The result is below. (I briefly attempted to visually unsquish the vertices from each other but didn't think it was worth the effort. If you want to display this data more aesthetically, start by checking out this StackOverflow answer.) While this image, at first glance, looks similar to a world map the positions of the countries are not tied to their position on Earth.

## Shortest paths

You can calculate the shortest path between some countries by hand. Take the path from Canada to Mexico as an example. At the lowest point of the largest set in the above image, we can see that `CA` is connected to `US` which is connected to `MX`. It's clear there is only one route between Canada and Mexico and therefore we have found the shortest path.

What if there are multiple paths? Let's take the path from France to China as an example.

Breadth-First Search (BFS) works by first looking at all of the nearby vertices and then working further and further away from the start point. By using `FR` as a starting point, our algorithm will first check `['AD', 'BE', 'DE', 'IT', 'LU', 'MC', 'ES', 'CH']`. When it doesn't find China among those, it will then look at the neighbors of `AD` and then the neighbors of `BE` and so on.
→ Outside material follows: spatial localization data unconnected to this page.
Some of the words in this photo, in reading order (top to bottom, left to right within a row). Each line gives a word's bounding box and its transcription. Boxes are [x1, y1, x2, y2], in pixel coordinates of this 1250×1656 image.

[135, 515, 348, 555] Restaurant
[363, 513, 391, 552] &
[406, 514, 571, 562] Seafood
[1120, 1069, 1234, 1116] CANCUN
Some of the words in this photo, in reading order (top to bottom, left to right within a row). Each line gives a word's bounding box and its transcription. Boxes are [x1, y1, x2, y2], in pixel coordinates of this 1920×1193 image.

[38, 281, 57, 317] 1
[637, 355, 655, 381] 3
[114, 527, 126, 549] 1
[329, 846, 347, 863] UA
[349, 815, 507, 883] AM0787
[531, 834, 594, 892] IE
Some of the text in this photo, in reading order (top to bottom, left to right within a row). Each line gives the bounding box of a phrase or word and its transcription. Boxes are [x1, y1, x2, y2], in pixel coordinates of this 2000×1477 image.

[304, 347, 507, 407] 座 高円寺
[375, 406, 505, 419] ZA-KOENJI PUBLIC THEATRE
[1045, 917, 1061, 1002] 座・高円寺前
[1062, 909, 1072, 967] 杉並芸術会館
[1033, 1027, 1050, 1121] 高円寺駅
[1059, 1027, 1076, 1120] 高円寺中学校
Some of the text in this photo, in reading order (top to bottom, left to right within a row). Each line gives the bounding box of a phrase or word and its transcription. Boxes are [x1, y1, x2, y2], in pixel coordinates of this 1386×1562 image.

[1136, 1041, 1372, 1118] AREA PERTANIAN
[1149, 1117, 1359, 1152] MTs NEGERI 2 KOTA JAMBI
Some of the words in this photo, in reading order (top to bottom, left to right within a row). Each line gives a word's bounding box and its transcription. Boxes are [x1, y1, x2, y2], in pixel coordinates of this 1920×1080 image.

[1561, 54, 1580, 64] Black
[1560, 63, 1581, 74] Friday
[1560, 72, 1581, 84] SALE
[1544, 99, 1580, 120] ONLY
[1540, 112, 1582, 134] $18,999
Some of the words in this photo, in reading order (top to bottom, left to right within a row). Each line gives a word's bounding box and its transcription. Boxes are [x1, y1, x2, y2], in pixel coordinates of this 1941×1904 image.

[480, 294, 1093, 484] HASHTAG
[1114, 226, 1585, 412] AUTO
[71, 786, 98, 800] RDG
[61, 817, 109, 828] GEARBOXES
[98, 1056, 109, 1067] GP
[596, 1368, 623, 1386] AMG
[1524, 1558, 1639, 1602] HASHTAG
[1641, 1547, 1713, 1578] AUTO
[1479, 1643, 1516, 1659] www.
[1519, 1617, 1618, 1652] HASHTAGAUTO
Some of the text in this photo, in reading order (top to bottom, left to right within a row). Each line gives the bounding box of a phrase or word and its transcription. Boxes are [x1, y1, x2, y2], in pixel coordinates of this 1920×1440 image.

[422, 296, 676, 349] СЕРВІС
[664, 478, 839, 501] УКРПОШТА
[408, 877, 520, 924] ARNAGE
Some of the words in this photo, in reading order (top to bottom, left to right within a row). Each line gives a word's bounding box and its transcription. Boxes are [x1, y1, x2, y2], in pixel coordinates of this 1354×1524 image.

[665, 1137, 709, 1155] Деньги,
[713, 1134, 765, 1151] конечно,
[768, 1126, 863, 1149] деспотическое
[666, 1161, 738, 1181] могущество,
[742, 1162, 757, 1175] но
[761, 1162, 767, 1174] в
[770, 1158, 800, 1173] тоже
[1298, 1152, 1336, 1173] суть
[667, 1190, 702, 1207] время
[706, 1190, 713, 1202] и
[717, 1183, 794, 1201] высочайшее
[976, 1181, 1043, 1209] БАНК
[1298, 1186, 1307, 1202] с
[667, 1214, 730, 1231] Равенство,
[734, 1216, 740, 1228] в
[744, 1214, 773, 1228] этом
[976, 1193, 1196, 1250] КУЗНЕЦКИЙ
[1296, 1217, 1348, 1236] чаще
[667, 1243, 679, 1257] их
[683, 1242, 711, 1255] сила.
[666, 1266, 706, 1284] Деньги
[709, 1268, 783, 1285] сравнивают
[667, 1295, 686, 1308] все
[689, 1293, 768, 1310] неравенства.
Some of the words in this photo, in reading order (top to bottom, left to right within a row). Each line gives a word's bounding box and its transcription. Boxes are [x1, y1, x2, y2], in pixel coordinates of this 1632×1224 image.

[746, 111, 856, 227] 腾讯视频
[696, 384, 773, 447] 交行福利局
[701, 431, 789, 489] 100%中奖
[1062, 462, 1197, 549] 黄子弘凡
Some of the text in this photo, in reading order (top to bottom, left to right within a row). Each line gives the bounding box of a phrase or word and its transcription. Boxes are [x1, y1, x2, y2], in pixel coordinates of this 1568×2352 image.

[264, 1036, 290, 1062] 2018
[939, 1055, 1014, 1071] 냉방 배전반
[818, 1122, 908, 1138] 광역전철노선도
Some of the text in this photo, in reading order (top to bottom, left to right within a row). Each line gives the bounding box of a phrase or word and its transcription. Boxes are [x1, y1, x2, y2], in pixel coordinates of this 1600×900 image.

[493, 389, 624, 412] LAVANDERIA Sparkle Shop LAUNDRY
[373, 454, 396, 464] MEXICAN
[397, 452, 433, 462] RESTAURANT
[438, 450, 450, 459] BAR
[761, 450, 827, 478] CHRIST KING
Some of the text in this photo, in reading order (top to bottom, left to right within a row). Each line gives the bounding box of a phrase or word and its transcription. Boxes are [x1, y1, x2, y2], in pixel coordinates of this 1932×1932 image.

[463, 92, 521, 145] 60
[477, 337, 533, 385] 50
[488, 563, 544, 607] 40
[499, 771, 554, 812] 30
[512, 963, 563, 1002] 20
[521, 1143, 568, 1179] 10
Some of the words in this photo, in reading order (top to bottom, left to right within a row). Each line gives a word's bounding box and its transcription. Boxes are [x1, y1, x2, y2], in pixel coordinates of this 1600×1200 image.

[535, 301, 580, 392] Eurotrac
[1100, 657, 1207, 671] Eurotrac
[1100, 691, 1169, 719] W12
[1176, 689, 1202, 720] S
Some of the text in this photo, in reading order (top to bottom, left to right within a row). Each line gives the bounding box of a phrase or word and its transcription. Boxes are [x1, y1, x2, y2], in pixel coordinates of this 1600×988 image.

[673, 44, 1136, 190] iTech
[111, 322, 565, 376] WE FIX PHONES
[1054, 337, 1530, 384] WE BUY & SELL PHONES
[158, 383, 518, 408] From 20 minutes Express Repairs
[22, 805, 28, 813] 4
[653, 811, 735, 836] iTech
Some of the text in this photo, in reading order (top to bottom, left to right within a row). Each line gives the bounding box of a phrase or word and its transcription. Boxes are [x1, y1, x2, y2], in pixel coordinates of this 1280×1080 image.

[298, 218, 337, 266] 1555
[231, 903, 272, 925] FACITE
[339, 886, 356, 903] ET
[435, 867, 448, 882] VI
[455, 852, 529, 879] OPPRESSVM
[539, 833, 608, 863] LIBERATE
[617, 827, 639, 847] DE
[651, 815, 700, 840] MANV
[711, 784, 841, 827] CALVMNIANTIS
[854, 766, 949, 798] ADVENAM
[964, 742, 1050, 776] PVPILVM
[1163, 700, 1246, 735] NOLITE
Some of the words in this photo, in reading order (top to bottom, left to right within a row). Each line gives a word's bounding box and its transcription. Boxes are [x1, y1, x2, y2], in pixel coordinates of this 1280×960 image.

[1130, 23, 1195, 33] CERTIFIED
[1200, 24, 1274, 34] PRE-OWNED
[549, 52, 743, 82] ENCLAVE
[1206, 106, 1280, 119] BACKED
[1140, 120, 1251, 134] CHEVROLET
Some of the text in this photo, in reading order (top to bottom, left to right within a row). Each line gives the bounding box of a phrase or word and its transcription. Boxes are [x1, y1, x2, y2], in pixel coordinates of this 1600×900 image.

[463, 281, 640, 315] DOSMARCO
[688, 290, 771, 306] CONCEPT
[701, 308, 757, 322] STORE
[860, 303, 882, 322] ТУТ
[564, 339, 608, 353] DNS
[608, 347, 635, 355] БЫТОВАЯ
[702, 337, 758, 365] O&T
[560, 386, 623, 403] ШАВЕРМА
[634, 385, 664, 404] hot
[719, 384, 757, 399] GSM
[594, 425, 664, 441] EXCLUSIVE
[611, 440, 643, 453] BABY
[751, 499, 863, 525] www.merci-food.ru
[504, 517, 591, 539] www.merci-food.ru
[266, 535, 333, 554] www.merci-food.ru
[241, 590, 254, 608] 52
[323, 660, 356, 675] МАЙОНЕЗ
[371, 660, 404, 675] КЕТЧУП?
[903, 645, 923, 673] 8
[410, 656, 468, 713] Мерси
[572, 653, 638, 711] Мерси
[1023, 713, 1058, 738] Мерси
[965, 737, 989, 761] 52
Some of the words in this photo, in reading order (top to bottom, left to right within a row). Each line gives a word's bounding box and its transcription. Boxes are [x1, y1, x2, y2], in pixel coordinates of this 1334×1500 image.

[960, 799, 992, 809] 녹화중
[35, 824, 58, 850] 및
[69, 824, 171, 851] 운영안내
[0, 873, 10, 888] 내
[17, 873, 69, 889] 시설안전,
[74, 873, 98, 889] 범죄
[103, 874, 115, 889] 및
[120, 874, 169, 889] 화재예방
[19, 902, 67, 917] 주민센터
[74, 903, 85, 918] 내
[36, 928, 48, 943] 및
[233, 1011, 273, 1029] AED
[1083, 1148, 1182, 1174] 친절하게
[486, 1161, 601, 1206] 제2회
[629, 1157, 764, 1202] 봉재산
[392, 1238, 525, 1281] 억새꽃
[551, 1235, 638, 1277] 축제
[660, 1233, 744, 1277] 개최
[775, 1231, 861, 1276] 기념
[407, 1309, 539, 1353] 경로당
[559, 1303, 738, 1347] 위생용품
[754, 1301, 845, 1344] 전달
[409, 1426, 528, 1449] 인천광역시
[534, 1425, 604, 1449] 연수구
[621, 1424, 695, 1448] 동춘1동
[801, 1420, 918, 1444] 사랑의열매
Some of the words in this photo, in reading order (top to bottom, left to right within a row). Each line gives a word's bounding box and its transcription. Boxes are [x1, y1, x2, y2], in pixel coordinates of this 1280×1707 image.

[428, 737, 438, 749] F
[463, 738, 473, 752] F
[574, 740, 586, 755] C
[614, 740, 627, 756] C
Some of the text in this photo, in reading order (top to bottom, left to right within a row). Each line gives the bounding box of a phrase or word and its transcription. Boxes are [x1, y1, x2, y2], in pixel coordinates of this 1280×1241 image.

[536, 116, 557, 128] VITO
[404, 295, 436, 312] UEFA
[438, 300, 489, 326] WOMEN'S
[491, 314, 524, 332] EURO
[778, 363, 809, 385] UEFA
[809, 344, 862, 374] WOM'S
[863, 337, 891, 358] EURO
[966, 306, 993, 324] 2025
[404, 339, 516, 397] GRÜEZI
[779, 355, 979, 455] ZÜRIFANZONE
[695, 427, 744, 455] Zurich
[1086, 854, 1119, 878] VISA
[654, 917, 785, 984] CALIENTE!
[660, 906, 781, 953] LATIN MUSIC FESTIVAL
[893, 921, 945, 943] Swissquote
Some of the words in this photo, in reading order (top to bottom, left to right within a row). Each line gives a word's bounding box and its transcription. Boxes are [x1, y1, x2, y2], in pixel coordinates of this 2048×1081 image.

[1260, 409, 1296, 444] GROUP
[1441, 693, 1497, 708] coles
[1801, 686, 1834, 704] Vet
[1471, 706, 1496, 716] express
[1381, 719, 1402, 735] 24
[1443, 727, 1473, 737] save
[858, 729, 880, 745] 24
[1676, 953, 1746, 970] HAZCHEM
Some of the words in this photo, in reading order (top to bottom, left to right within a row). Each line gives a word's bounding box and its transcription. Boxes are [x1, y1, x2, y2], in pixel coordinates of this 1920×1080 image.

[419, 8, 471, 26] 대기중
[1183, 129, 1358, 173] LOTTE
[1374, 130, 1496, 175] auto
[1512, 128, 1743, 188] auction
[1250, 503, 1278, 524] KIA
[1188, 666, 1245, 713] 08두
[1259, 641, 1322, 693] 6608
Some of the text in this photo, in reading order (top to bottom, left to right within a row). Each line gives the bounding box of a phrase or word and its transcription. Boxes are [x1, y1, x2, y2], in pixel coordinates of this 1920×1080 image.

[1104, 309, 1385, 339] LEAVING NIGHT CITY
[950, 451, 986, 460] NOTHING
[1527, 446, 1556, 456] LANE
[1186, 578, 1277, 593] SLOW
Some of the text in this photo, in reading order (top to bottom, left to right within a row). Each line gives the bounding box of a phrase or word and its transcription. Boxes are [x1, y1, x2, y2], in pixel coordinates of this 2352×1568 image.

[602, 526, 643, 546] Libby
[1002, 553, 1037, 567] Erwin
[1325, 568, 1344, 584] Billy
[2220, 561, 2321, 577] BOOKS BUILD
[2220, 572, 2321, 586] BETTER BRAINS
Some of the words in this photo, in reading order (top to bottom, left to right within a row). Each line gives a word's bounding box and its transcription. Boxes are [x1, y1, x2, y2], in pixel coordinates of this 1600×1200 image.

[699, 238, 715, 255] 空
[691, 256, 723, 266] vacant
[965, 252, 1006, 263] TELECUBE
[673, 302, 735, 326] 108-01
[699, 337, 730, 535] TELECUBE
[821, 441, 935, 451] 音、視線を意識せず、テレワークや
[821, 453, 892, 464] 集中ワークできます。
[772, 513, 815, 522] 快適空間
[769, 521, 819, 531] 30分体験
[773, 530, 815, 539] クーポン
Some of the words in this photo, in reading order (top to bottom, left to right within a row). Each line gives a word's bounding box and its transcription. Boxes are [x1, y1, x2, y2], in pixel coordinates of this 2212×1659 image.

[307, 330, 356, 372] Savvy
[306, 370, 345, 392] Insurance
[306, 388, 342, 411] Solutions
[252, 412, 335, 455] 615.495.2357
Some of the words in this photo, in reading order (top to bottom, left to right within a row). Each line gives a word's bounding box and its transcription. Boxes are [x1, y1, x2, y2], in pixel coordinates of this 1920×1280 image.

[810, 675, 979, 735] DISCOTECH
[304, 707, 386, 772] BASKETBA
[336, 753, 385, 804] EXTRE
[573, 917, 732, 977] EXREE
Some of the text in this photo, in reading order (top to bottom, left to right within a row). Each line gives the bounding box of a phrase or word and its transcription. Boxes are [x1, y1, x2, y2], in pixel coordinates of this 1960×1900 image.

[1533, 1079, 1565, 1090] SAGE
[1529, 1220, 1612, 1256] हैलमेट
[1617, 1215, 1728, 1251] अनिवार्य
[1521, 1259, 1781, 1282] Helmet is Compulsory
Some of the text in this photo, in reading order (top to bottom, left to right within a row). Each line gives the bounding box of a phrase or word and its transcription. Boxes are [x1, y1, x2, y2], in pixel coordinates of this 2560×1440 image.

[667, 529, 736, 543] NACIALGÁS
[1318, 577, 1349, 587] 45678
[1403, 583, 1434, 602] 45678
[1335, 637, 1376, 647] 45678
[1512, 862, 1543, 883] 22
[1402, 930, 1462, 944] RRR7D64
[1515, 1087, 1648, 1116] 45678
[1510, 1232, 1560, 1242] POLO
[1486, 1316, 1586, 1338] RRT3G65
In the diagram below, we can see the order in which BFS would visit each vertex of a tree. The algorithm we use has been adapted from an outdated essay on Python.org. Eryk Kopczyński corrected the efficiency of the essay's pathing function ten years after its publication date. In linear time, it computes and stores the direct paths from the start point to every other point and then returns the path from the start point to the endpoint.

His original code returns the path in a strange format. `FR` to `CN` is `[[[[['FR'], 'DE'], 'PL'], 'RU'], 'CN']`. We can unfurl this nested list with `flatten`.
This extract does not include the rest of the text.